En raison du renouvellement du CESE, il s'agira certainement de l'une de mes dernières prises de parole. Je suis vice-président du CESE et représente les organisations étudiantes et les mouvements de jeunesse. Il serait d'ailleurs intéressant de s'interroger sur l'effet de la présence des organisations de jeunes dans une institution comme le CESE. J'évoquerai la question des jeunes ruraux. J'ai réalisé une étude sur la place des jeunes dans les territoires ruraux. J'ai identifié quatre caractéristiques, qui sont autant de facteurs d'inégalité.

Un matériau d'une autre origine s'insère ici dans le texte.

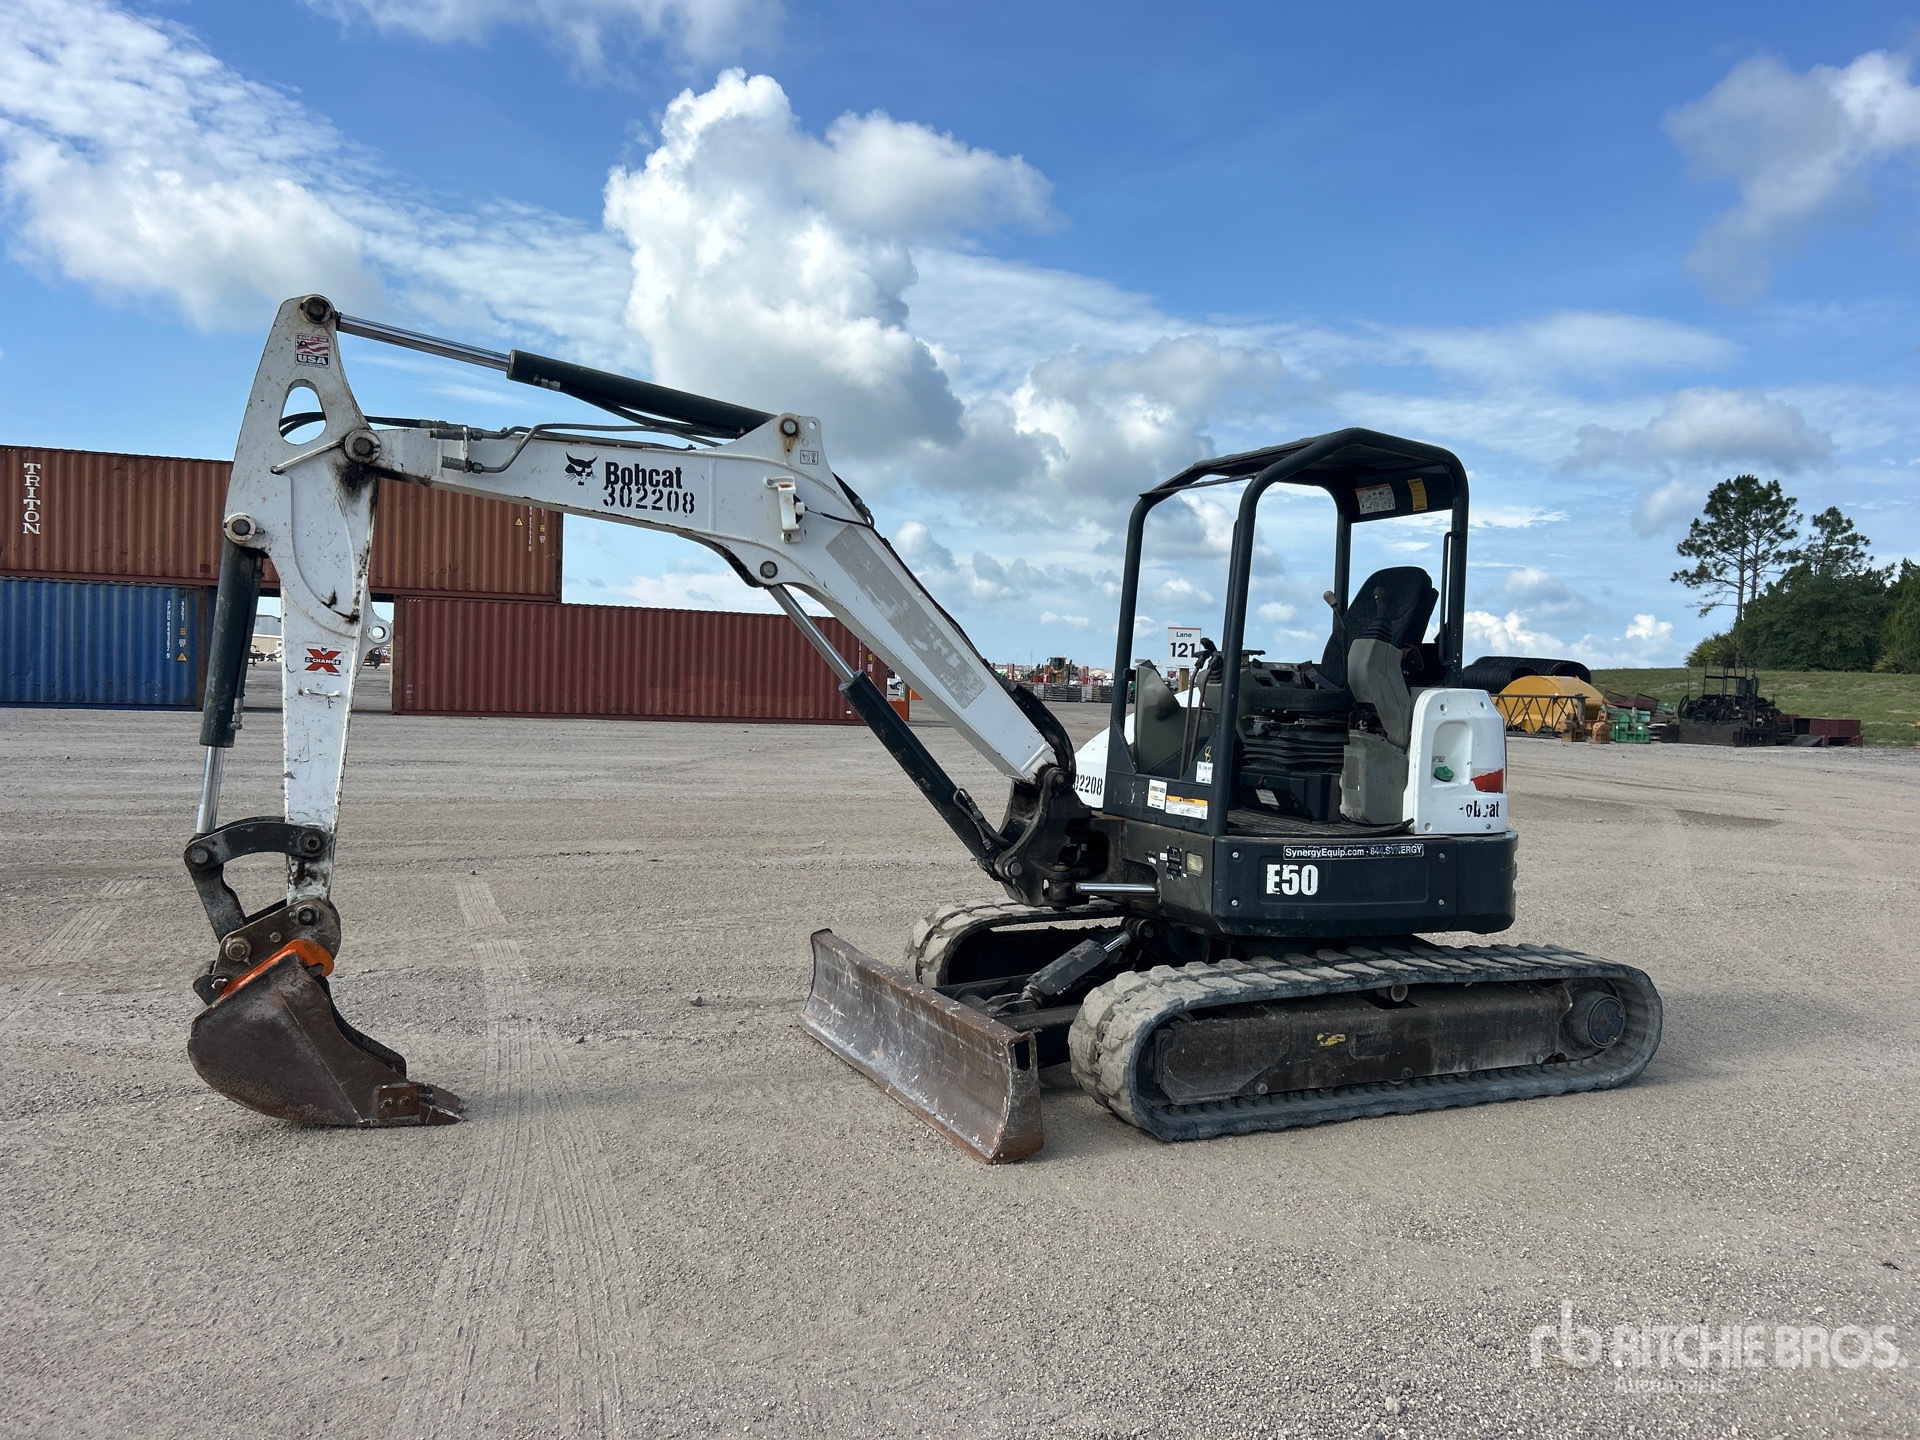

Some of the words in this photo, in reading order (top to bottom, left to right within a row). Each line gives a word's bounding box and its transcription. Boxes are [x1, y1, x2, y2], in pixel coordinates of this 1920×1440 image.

[297, 354, 328, 365] USA
[605, 461, 682, 489] Bobcat
[23, 462, 41, 535] TRITON
[602, 483, 695, 514] 302208
[1170, 642, 1195, 658] 121
[1459, 800, 1499, 818] obat
[1285, 847, 1365, 858] SynergyEquip.com
[1266, 864, 1319, 896] E50

La première caractéristique concerne les parcours scolaires et l'entrée dans la vie active. Les jeunes ruraux ont plutôt de meilleurs résultats jusqu'à la fin du collège, ce qui montre une capacité de rattrapage de l'école dans les territoires ruraux - qui comportent davantage de personnes issues des catégories populaires. Par la suite, les jeunes ruraux s'orientent majoritairement vers les voies professionnelles : plus de 50 % des ruraux font ce choix, contre 40 % des urbains. Leurs choix sont ainsi marqués par des déterminismes sociaux : lorsque l'on est entouré de personnes inscrites dans ces filières courtes, on a tendance à faire des études plus courtes. Cela pose aussi la question de l'accessibilité de l'offre, beaucoup moins diversifiée en zone rurale, sauf à aller dans une grande ville. L'entrée dans la vie active est aussi compliquée : un quart des jeunes des territoires ruraux se retrouve sans emploi et sans formation, du fait notamment de l'éloignement des lieux de formation et d'accompagnement dans ces territoires.

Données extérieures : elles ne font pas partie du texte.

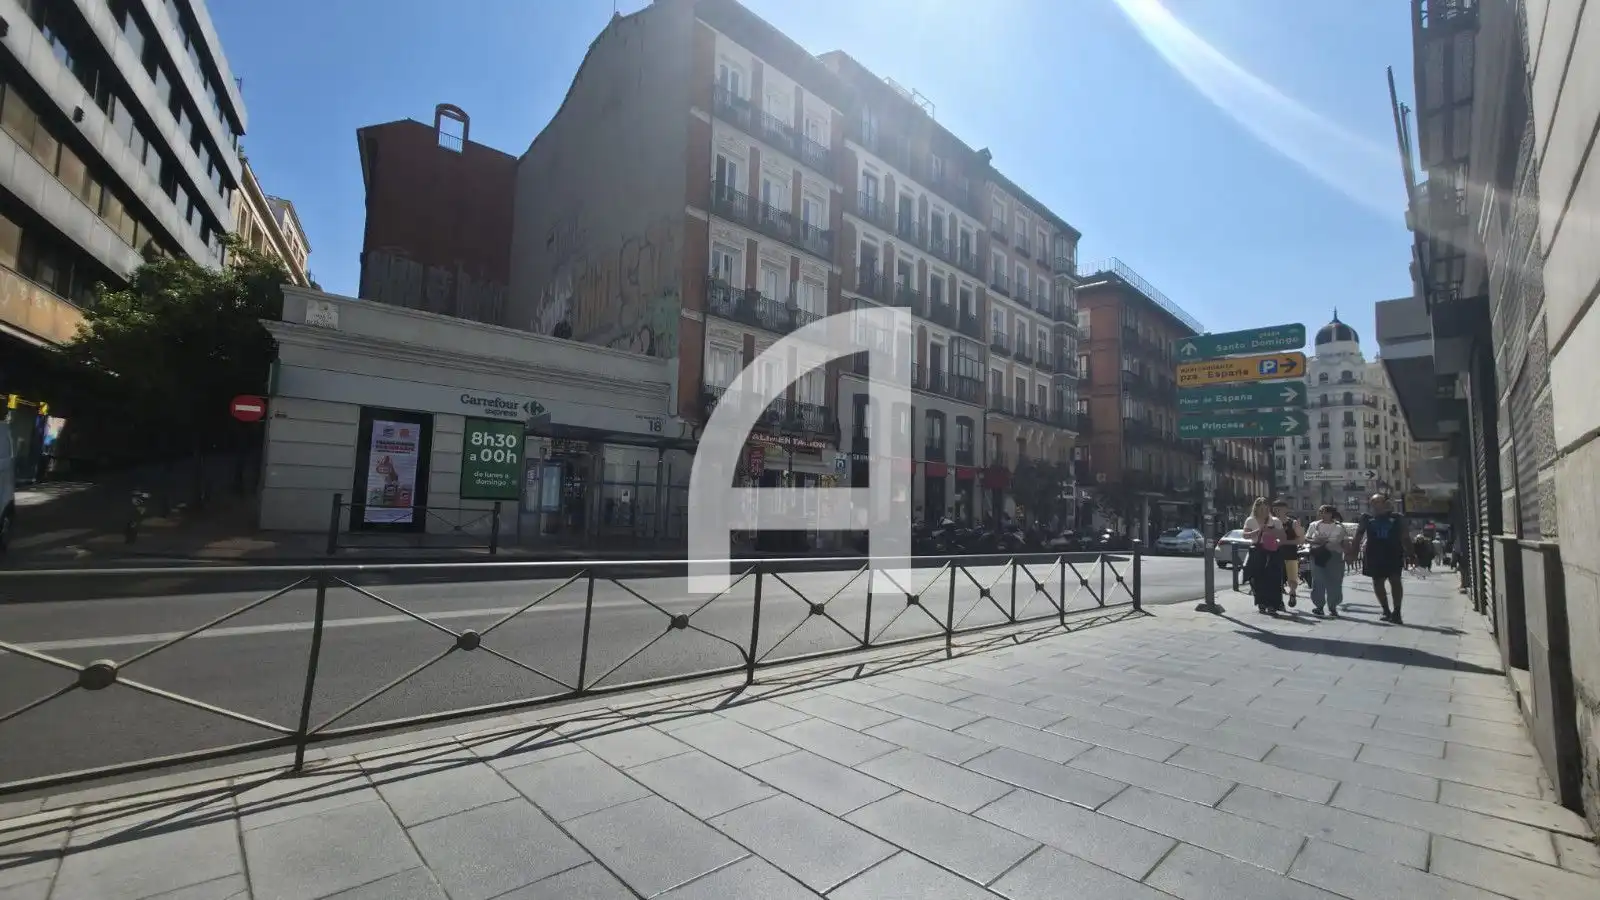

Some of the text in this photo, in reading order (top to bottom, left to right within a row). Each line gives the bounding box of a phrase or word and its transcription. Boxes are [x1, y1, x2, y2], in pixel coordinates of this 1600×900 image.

La deuxième dimension concerne l'engagement. Les jeunes ruraux tendent à s'engager davantage que l'ensemble de la jeunesse, pourtant il y a moins de politiques publiques en leur faveur. Il en découle une forte défiance des jeunes des territoires ruraux vis-à-vis de la politique : 92 % des jeunes ruraux n'ont pas confiance dans la politique et le fossé s'aggrave chaque année.
Troisième élément, les inégalités entre les femmes et les hommes sont bien plus marquées que sur l'ensemble du territoire. Il y a un problème d'orientation ; un article du Monde aujourd'hui évoque l'assignation sociale des jeunes dans ces territoires. Les emplois les plus précaires sont occupés par des femmes.
La quatrième caractéristique est la mobilité. Les jeunes sont la population rurale la plus impactée par les questions de mobilité, parce que les espaces dont ils ont besoin, et qui peuvent aller de l'auto-école à un cabinet de gynécologie, sont les plus éloignés des territoires ruraux. Cela a des répercussions très fortes sur l'employabilité : un tiers des jeunes n'a pas pu assister à un entretien lié à l'emploi dans ces territoires faute de mobilité, et les deux tiers disent qu'ils pourraient répondre à plus d'offres s'ils n'avaient pas de problème de mobilité. L'impact s'étend à la question du loisir et de l'accès à la culture, mais aussi de l'accès aux soins. Ce travail, en 2017, a montré que le premier département consommateur d'héroïne était la Meuse !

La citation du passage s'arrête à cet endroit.